I have already posted this question in the Intel Forums, but my schedule is limited and I need a quick answer, so I am reaching out to all available media.
I am developing a small Intel SGX Application that does remote attestation with an Android Service Provider. I need your help trying to understand how to use the certificate that I have registered with Intel to make HTTPS requests to the IAS (as referenced in the documentation).
I have a small test Java program that makes a simple Retreive SigRL GET request to the IAS, just to test out if it works at all. But I keep getting SSLHandshakeException when it tries to execute the HTTPS request.
Java Code:
import java.io.BufferedReader;
import java.io.InputStreamReader;
import java.net.MalformedURLException;
import java.net.URL;
import java.security.NoSuchAlgorithmException;
import javax.net.ssl.HttpsURLConnection;
import javax.net.ssl.SSLContext;
public class Prog {
public static void main(String[] args) throws Exception {
makeRequest();
}
public static void makeRequest() throws Exception {
String url = "https://test-as.sgx.trustedservices.intel.com:443/attestation/sgx/v2/sigrl/00000010";
URL target = new URL(url);
/* Force TLSv1.2 */
SSLContext sc = SSLContext.getInstance("TLSv1.2");
sc.init(null, null, new java.security.SecureRandom());
/* Set up HTTP properties. */
HttpsURLConnection connection = (HttpsURLConnection) target.openConnection();
connection.setSSLSocketFactory(sc.getSocketFactory());
connection.setRequestMethod("GET");
connection.setDoOutput(true);
/* Obtain and check response status quote. */
int responseCode = connection.getResponseCode();
/* Read response body into a String */
BufferedReader in = new BufferedReader(new InputStreamReader(connection.getInputStream()));
String inputLine;
StringBuffer responseBuffer = new StringBuffer();
while((inputLine = in.readLine()) != null){
responseBuffer.append(inputLine);
}
in.close();
String response = responseBuffer.toString();
/* Evaluate result and print messages. */
System.out.println("HTTP response status code: " + responseCode + "\n");
System.out.println(response);
}
}
Console output:
Exception in thread "main" javax.net.ssl.SSLHandshakeException: Received fatal alert: handshake_failure
at sun.security.ssl.Alerts.getSSLException(Alerts.java:192)
at sun.security.ssl.Alerts.getSSLException(Alerts.java:154)
at sun.security.ssl.SSLSocketImpl.recvAlert(SSLSocketImpl.java:2038)
at sun.security.ssl.SSLSocketImpl.readRecord(SSLSocketImpl.java:1135)
at sun.security.ssl.SSLSocketImpl.performInitialHandshake(SSLSocketImpl.java:1385)
at sun.security.ssl.SSLSocketImpl.startHandshake(SSLSocketImpl.java:1413)
at sun.security.ssl.SSLSocketImpl.startHandshake(SSLSocketImpl.java:1397)
at sun.net.www.protocol.https.HttpsClient.afterConnect(HttpsClient.java:559)
at sun.net.www.protocol.https.AbstractDelegateHttpsURLConnection.connect(AbstractDelegateHttpsURLConnection.java:185)
at sun.net.www.protocol.http.HttpURLConnection.getInputStream0(HttpURLConnection.java:1564)
at sun.net.www.protocol.http.HttpURLConnection.getInputStream(HttpURLConnection.java:1492)
at java.net.HttpURLConnection.getResponseCode(HttpURLConnection.java:480)
at sun.net.www.protocol.https.HttpsURLConnectionImpl.getResponseCode(HttpsURLConnectionImpl.java:347)
at Prog.makeRequest(Prog.java:32)
at Prog.main(Prog.java:13)
This tutorial generates a client.pfx file that can be used to import the certificate to other platforms.
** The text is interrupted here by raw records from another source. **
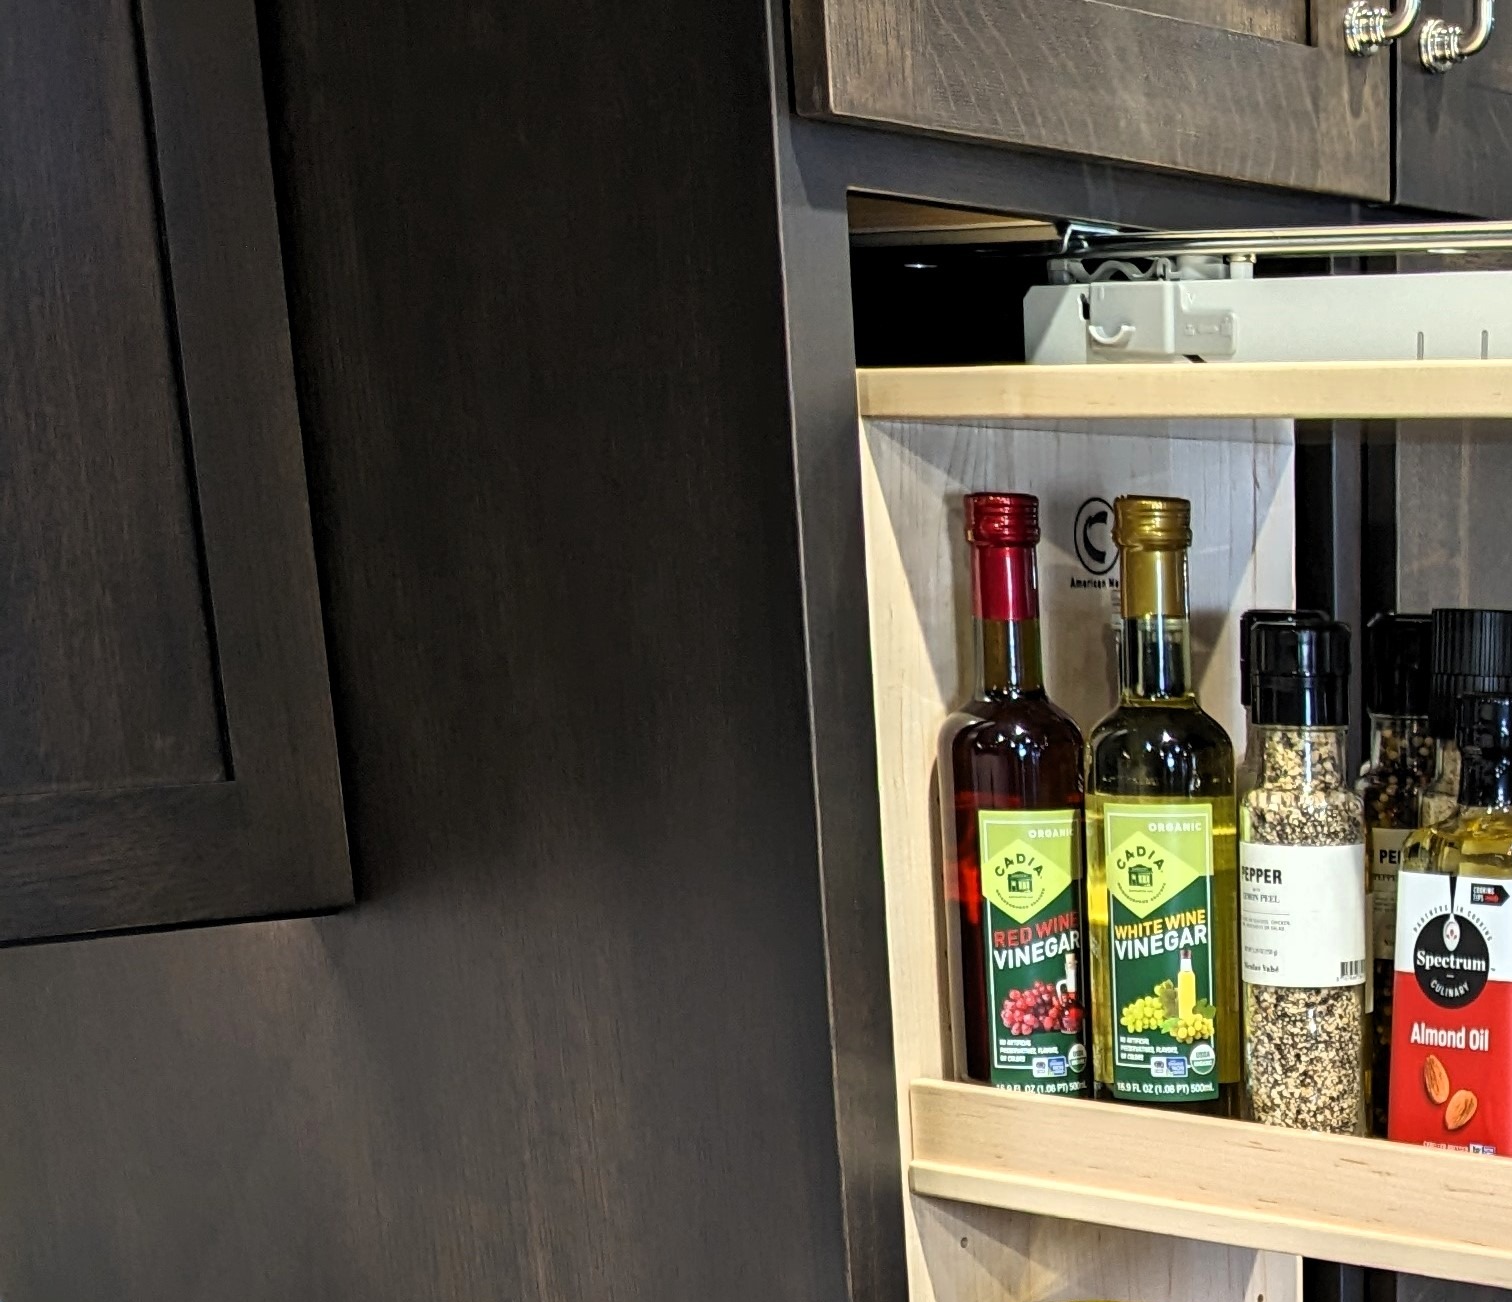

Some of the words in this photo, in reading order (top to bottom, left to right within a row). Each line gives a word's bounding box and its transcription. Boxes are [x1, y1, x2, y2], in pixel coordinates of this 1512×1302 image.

[1028, 828, 1074, 839] ORGANIC
[1148, 822, 1202, 832] ORGANIC
[994, 853, 1044, 877] CADIA
[1116, 846, 1165, 870] CADIA
[993, 926, 1032, 948] RED
[1036, 911, 1079, 938] WINE
[1114, 918, 1164, 940] WHITE
[1165, 909, 1206, 932] WINE
[993, 930, 1080, 970] VINEGAR
[1115, 925, 1207, 961] VINEGAR
[1416, 950, 1486, 972] Spectrum
[1430, 979, 1470, 998] CULINARY
[1410, 1021, 1465, 1049] Almond
[1469, 1027, 1489, 1051] Oil
[1143, 1083, 1154, 1093] OZ
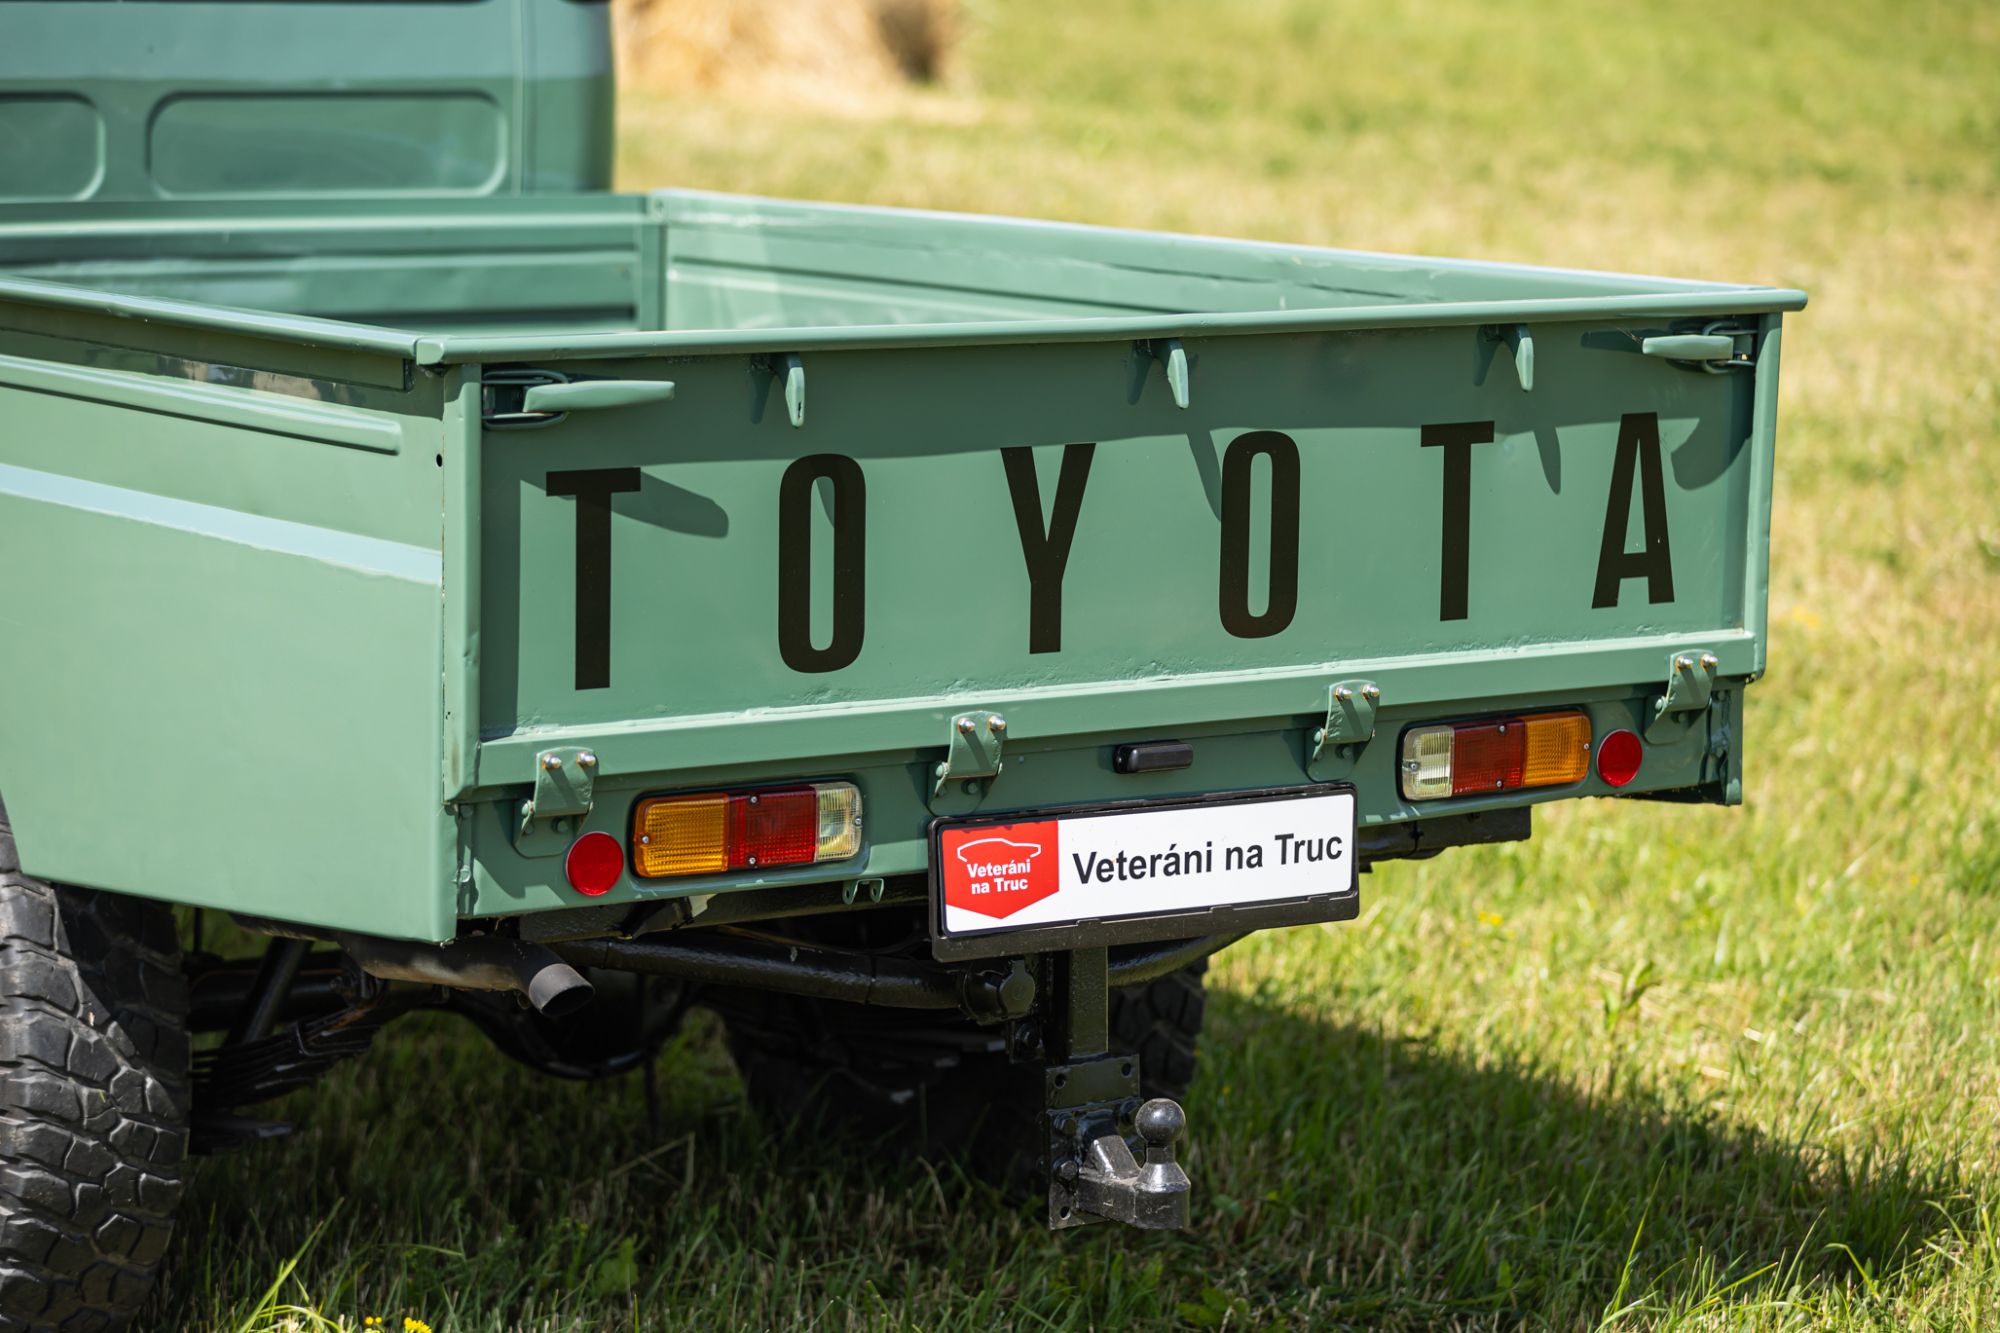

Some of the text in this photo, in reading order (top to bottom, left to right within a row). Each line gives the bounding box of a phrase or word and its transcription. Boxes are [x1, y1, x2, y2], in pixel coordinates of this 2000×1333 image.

[545, 411, 1675, 691] TOYOTA
[966, 858, 1031, 878] Veteráni
[1072, 832, 1343, 885] Veteráni na Truc
[971, 877, 1029, 895] na Truc
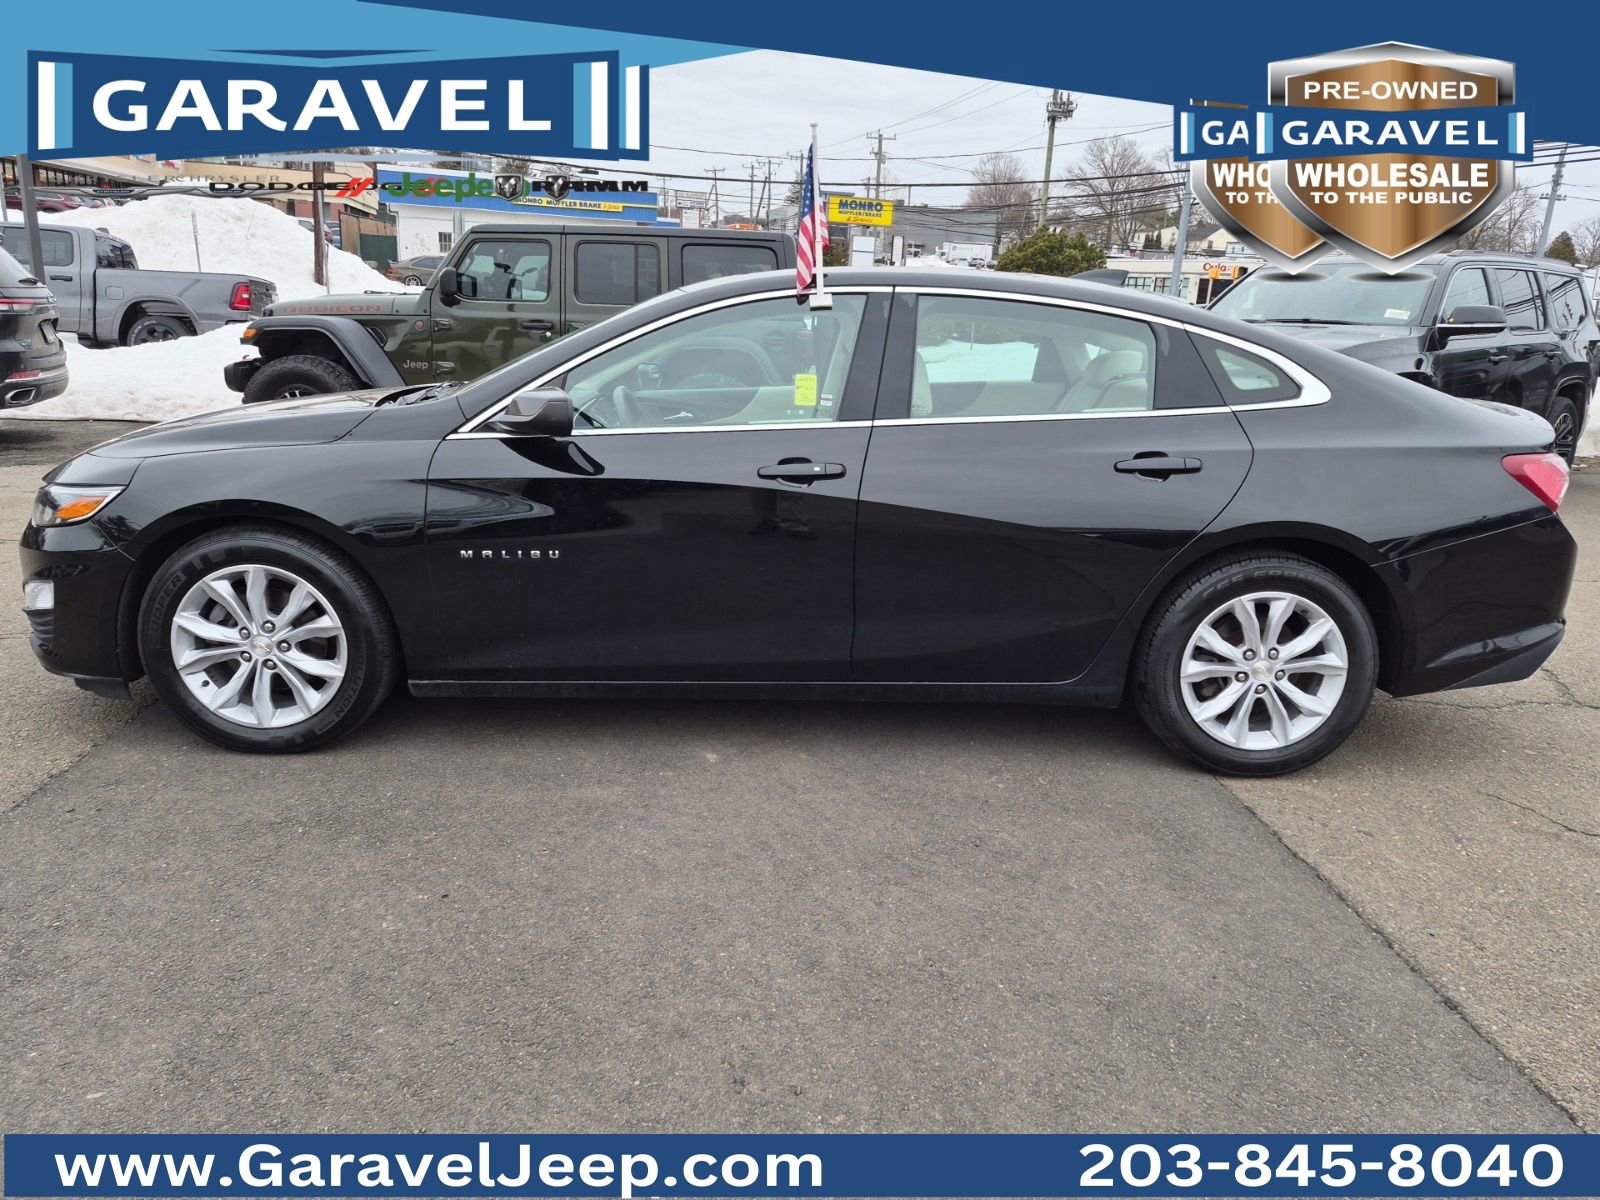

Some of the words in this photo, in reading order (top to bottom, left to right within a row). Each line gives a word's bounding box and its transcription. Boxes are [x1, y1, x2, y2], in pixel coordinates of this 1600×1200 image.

I have copied this file to the Ubuntu system that runs my Java program and double-clicked it to import it. Everything seemed sucessful, but I still keep getting these Exceptions when running the program.
I have also installed the client.crt file on Android using the option in (Settings)>(Lockscreen and security)>(Other security settings)>(Credential Storage/Install from device storage). When I try to run this code from an Android Activity (just by copypasting the method), I get the exact same error.
I need to be able to make the IAS requests both from Ubuntu and Android (7.0, API 24). The certificate I generated using this tutorial is already registered with Intel (I have received E-Mail confirmation and a service provider ID from Intel Developer Services).
In principle the only thing I need to know is how to properly use/install the certificate that I generated on both Ubuntu and on Android and if I am properly issuing the HTTP request in the program. I am still a student and I need to work with SGX for a project, so please bear with my limited knowledge. I would be very grateful for an answer.